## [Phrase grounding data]
::::::::
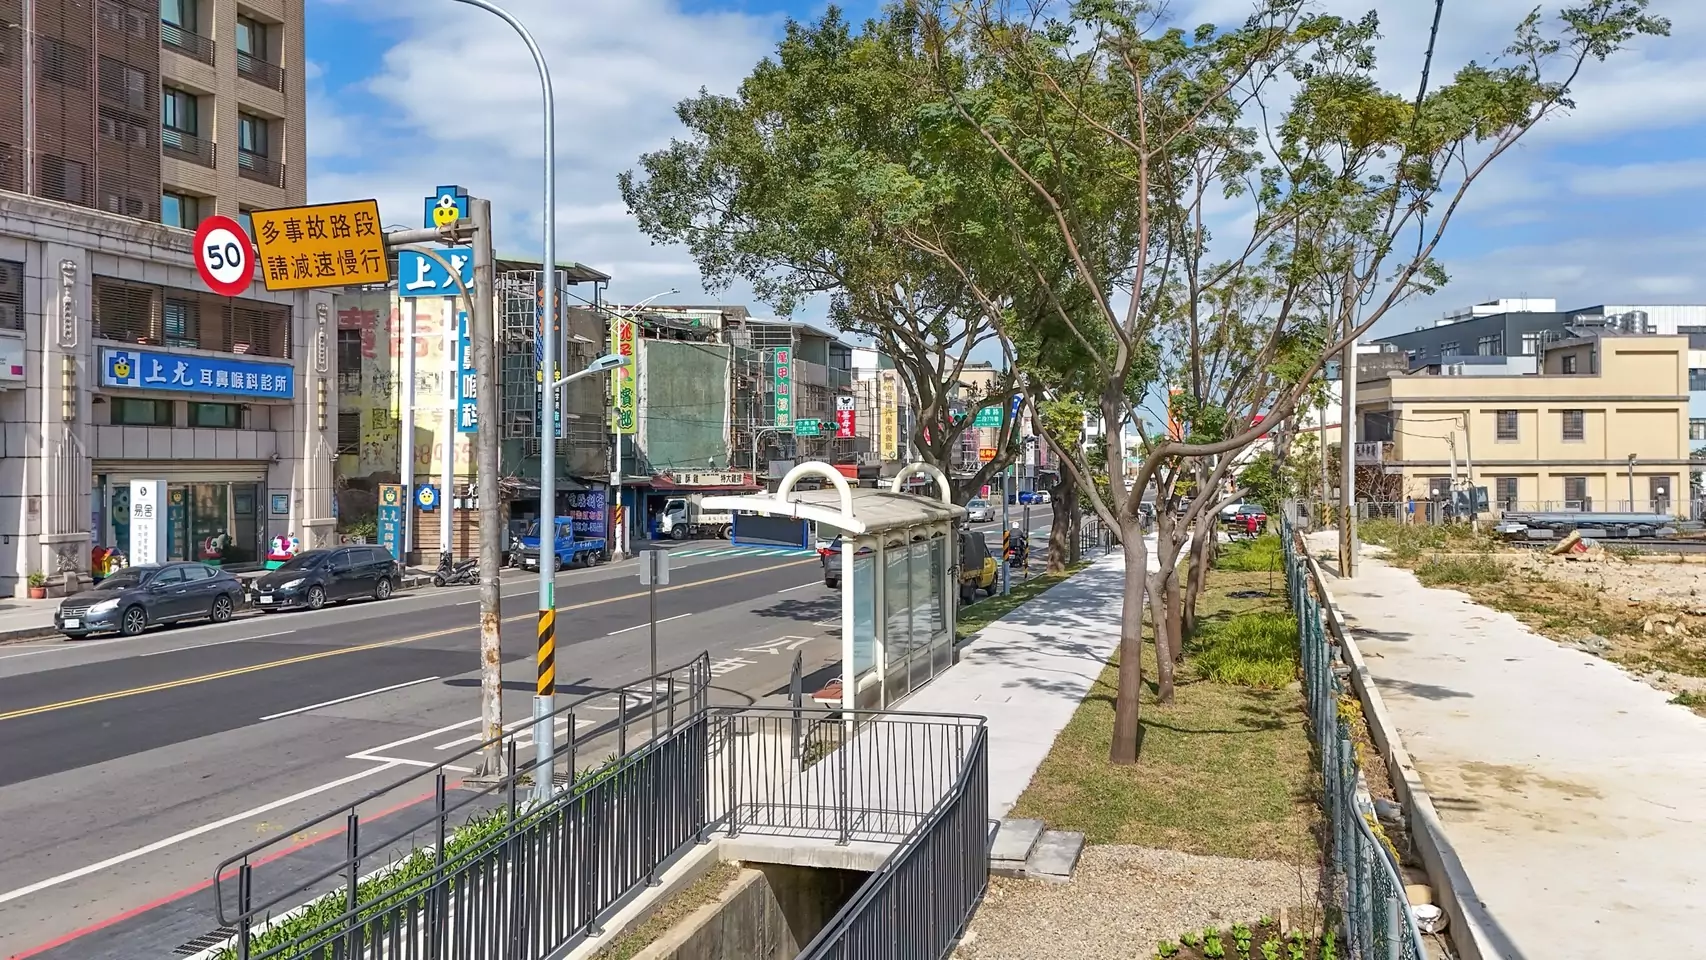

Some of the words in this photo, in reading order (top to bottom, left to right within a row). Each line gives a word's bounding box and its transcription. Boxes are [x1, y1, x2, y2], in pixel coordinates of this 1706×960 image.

[262, 211, 376, 245] 多事故路段
[207, 242, 241, 270] 50
[267, 249, 381, 281] 請減速慢行
[145, 359, 194, 387] 上尤
[200, 368, 287, 393] 耳鼻喉科診所
::::::::
Please repeat the records above exactly, leaving every picture out.

Some of the words in this photo, in reading order (top to bottom, left to right within a row). Each line gives a word's bounding box and its transcription. Boxes are [x1, y1, x2, y2], in pixel coordinates of this 1706×960 image.

[262, 211, 376, 245] 多事故路段
[207, 242, 241, 270] 50
[267, 249, 381, 281] 請減速慢行
[145, 359, 194, 387] 上尤
[200, 368, 287, 393] 耳鼻喉科診所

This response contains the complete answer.